§ **EXERCISE INSTRUCTIONS**: Pictures are to be left out, but please repeat each record exactly.

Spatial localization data

====================

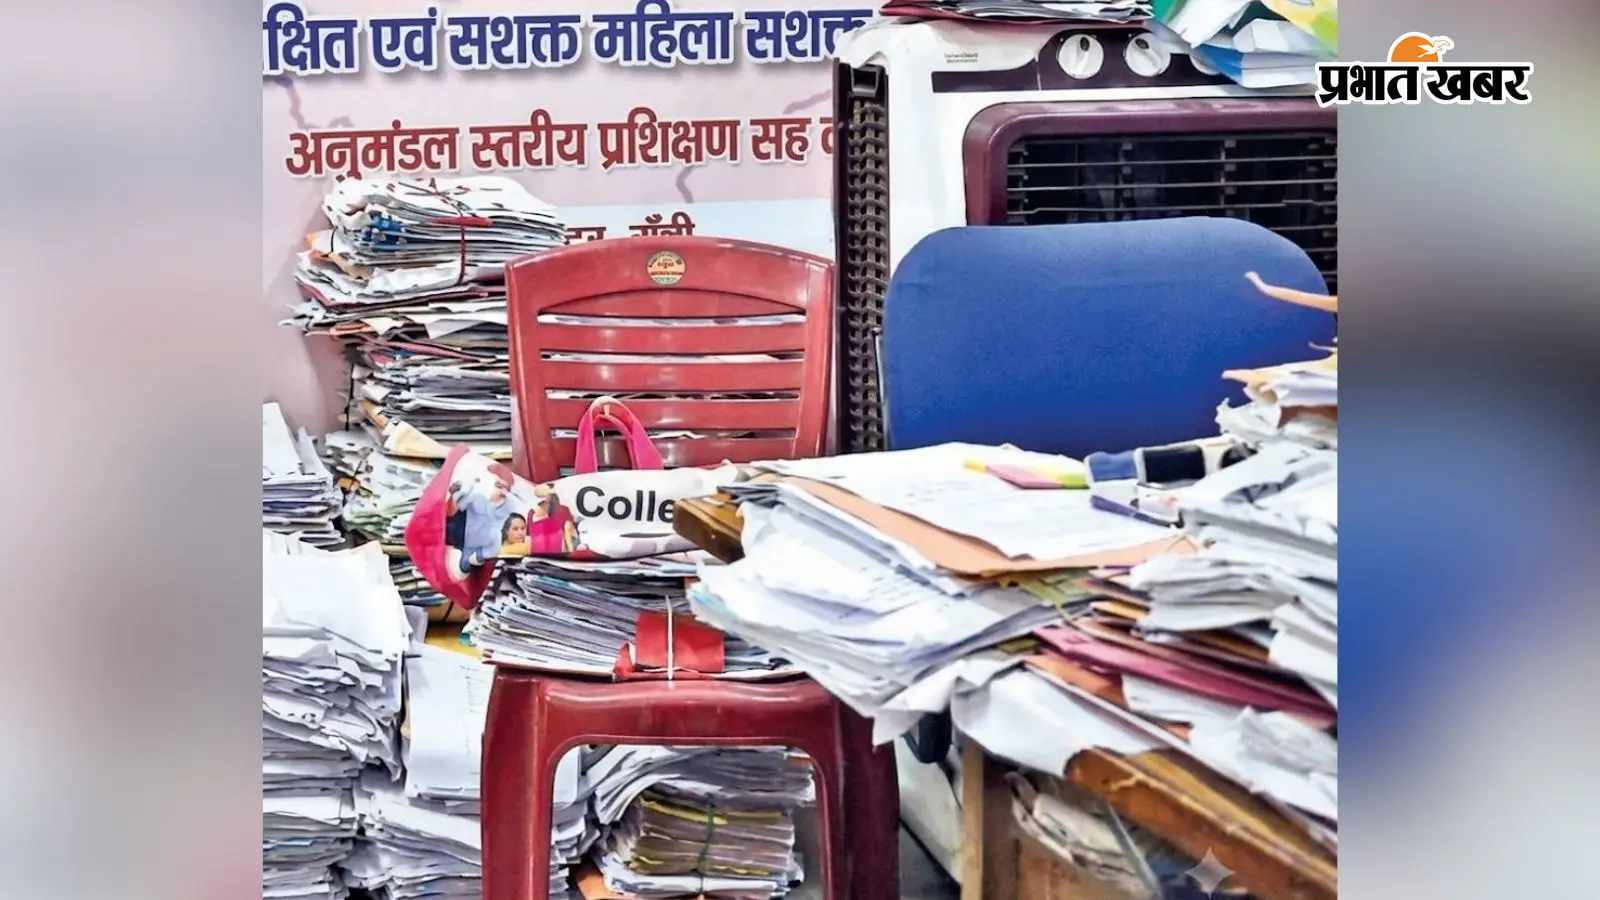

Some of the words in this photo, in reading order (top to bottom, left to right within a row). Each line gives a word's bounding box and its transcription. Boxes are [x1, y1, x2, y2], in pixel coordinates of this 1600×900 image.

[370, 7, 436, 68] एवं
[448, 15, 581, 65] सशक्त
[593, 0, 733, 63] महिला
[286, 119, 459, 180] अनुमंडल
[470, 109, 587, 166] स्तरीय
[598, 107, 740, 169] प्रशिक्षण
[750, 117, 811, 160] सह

====================

§ **TASK OUTPUT**:
Some of the words in this photo, in reading order (top to bottom, left to right within a row). Each line gives a word's bounding box and its transcription. Boxes are [x1, y1, x2, y2], in pixel coordinates of this 1600×900 image.

[370, 7, 436, 68] एवं
[448, 15, 581, 65] सशक्त
[593, 0, 733, 63] महिला
[286, 119, 459, 180] अनुमंडल
[470, 109, 587, 166] स्तरीय
[598, 107, 740, 169] प्रशिक्षण
[750, 117, 811, 160] सह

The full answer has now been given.